Lack of structure? Mila bit her tongue to keep herself from saying the words out loud. While her life in Boston had not been like her life here in the castle, how on earth did Rocco think she’d attained the measure of academic recognition she’d achieved without structure? And even aside from her scholastic successes—won through hard work and discipline—she’d also dealt with the social restrictions of a team of bodyguards, not to mention a chaperone who vetoed nearly every opportunity to relax or try to make friends. She had barely even socialized with any of the other students on campus.
But her brother was on a roll now. If she tried to explain, he would not listen, and she knew it. To say anything while he was still so angry with her would be a complete waste of time. Instead, she let his words flow over her, like the water that, during a heavy downpour, spouted from the gargoyles positioned around the castle gutters.
“Even I cannot turn back time. You are home now and you will prepare for your marriage. Your wedding takes place four weeks from today. And there will not be one wrong move, one misstep, or one breath of scandal from you. Do you understand me? Too much rides on this, Mila. The stability of our entire nation depends on your ability to do the job you were raised to do.”
The job she was raised to do. There it was—the millstone around her neck. The surety that she had no value as a human being beyond that of being a suitable wife for a powerful man.
“And the late king’s funeral this week? Am I not to attend that with you as a mark of respect?”
“No. You will stay here.”
She wanted to argue, to say she had every right to be there at her fiancé’s side as he bid a final farewell to his father, but she knew the plea would fall on deaf ears. Mila shifted her gaze to look her brother straight in the eyes. She hated seeing him like this—so angry and distraught—so she said the words he was expecting to hear.
“I understand you, brother. I will do as you ask.”
But he hadn’t asked, had he? He’d ordered it from her. Not once, at any stage during this audience with him—for it couldn’t be deemed anything else—had Mila felt as if he was pleased to welcome his baby sister home. Instead she’d felt like nothing more than a disappointment. A burden to be off-loaded. A problem to be corrected.
There hadn’t been a single word of congratulations on her achievements while she’d been away. No mention of her honors degree or the publication of her treatise on Equal Opportunity and Sustainable Development in European Nations. Her only value was in her ability to play the role of a proper fiancée and wife. She was merely a pawn on her brother’s chessboard.
She kept her eyes fixed on Rocco and she saw the minute the tension that held his body began to ease from his shoulders. His eyes, amber like her own, but several shades deeper, softened.
“Thank you. You understand, don’t you? I don’t ask you to do this for myself, but for our people. And for your sake as well, since I couldn’t bear to see you do anything to jeopardize your chance at winning your husband’s trust and respect.”

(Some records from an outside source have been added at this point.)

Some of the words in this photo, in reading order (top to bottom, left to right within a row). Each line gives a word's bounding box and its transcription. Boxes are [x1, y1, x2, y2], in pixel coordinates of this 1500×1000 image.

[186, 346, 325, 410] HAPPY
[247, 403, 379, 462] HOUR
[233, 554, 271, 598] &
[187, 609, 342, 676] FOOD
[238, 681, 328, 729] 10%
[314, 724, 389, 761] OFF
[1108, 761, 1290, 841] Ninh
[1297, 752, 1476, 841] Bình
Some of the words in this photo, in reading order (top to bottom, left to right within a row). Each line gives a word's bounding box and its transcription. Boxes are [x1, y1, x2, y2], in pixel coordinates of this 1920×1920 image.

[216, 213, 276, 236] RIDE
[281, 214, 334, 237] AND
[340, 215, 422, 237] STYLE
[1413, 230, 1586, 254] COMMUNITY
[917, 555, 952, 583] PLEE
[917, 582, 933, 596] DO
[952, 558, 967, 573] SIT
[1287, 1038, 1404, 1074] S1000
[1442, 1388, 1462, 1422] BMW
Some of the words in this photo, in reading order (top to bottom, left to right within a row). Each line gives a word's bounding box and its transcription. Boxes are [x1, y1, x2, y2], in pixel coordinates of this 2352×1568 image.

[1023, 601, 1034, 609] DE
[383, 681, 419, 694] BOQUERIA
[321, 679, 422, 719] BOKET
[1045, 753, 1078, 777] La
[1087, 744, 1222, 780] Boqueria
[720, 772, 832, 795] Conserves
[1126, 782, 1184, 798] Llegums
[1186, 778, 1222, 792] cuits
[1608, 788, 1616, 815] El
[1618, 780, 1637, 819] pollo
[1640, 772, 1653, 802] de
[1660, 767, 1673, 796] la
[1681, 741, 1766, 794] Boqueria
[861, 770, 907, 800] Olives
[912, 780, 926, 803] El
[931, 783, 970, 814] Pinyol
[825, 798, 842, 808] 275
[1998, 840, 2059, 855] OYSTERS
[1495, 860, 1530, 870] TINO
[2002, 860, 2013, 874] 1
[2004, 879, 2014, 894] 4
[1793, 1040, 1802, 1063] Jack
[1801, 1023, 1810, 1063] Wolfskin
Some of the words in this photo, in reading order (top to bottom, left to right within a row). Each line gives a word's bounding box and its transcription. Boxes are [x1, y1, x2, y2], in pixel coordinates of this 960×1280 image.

And there it was. The glimpse of the brother she’d grown up loving more than life itself—the brother who had been her protector and defender all throughout her childhood. But that was all she was permitted to see because the veil of command he perpetually bore took up residence once again on his visage.
“I understand,” she answered with an inclination of her head.
And she did. Even though, inside, her emotions spun in turmoil. It was entirely clear that her value—to her brother and her future husband—came from her chastity and unimpeachable honor. Her knowledge, her insight, her plans to better society and improve conditions for her people, and even the grace, poise and confidence she had gained in her years abroad mattered little to their society compared to her reputation.
Nothing had changed in all the time she’d been away. She didn’t even know why she would have expected it to. Erminia was still locked in the old days where a woman’s place was not beside, but behind her husband, or her father or brother or whichever male figure led her household—her thoughts and ideas to be tolerated but not celebrated or given any respect.
Even in the Erminian parliament women were a rare breed. Mila wanted to see that change, and for their government to acknowledge women’s intelligence and their value as vital members of the very fabric of Erminian society as a whole. But she knew that change would be very slow to come...if it came at all.
“You don’t sound excited about your wedding,” Rocco prompted. “I thought you would be full of chatter about it.”
Mila sighed. “Rocco, I’m not a little girl about to go to a tea party in her favorite dress. I am a full-grown woman with a mind and thoughts of her own, about to enter into a marriage with a man I barely know.”
He stepped closer to her and placed a finger under her chin, lifting her face up to his. “You’ve changed.”
“Of course I’ve changed. I’ve grown up.”
“No, it’s more than that.” A frown furrowed his brow and his eyes narrowed. “Are you still...? Did you...?”
Mila held on to her temper by a thread. “What? You’re actually asking me if I’ve kept myself chaste? Do you really think I’d compromise the crown by throwing my virginity away on a one-night stand?”
Her brother paled. “You will not speak to me in that tone. I might be your brother but, first and foremost, I am your king.”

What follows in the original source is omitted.